Following the success of Avatar, studios were tripping over themselves to release their movies in 3D. The technology was new, James Cameron had shown that it could be used effectively, and, more importantly, theaters could charge more for it. Unfortunately, the product rarely lived up to the tech. Even when studios finally figured out how to do solid 3D post-conversions, the appeal was wearing off. Every tentpole was in 3D, but audiences were losing interest because for every Gravity or Hugo, there were 20 other movies where the 3D didn’t improve the experience. While tentpole movies are still getting 3D post-conversions, it’s clear that at least American audiences think that 2D is just fine.
And IMAX is listening. According to THR, IMAX CEO Richard Gelfond says they “will play more digital 2D versions of Hollywood movies domestically, given a ‘clear preference’ from consumers for 2D in North America.” Currently, Dunkirk is only playing in IMAX 2D, and it did quite well this weekend. While you could argue that’s Christopher Nolan using his power to make sure his movie isn’t forced into 3D, IMAX also revealed that when it shows Blade Runner 2049 this October, those screenings will be in 2D only.
IMAX will also be showing preference to movies that use their cameras.
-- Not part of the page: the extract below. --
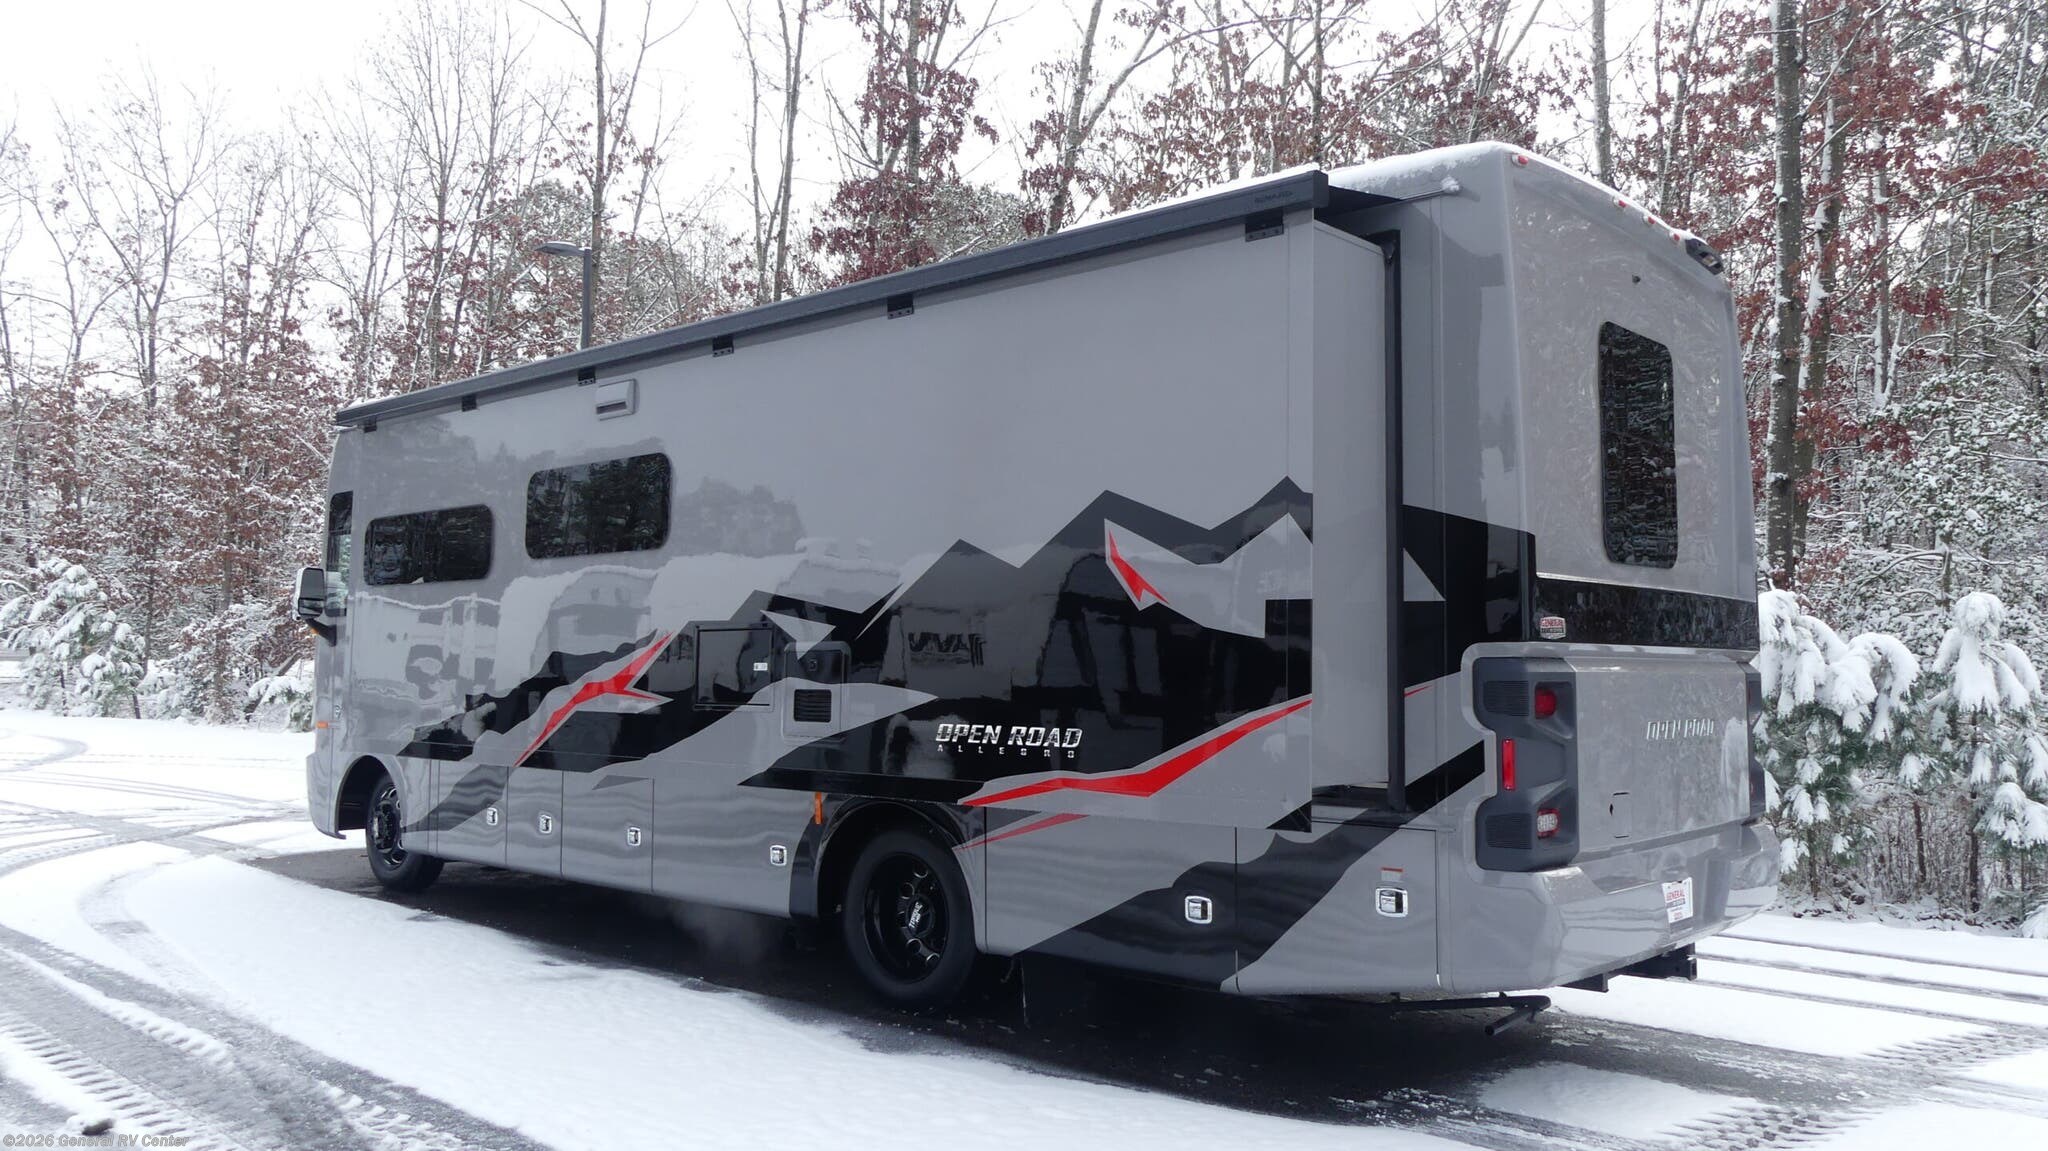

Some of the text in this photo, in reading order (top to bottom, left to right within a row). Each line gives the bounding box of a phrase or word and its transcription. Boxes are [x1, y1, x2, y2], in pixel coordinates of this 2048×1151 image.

[935, 723, 1083, 748] OPEN ROAD
[1646, 718, 1714, 740] OPEN ROAD
[937, 744, 1075, 758] ALLEGRO
Movies that have been converted into IMAX will be getting one-week only showings in order for IMAX to show more movies, but films that were shot in IMAX like Dunkirk and the upcoming Avengers: Infinity War will receive longer runs.
Personally, I think this is the smart way to go. Speaking from experience, when I go to press screenings now, fewer and fewer are shown in 3D, and it’s clear across the board that 3D hasn’t really taken off. When you go to buy a new TV, the selling point isn’t that they’re in 3D (most new models aren’t), but rather that they’re 4K. People would rather have a better-quality image than stuff coming out the screen. While I don’t think 3D is totally dead, especially since it continues to do well overseas, I’m glad that we’re returning more to 2D. If there are filmmakers who want to actually use 3D rather that studios looking to make a quick buck, the technology will still be there.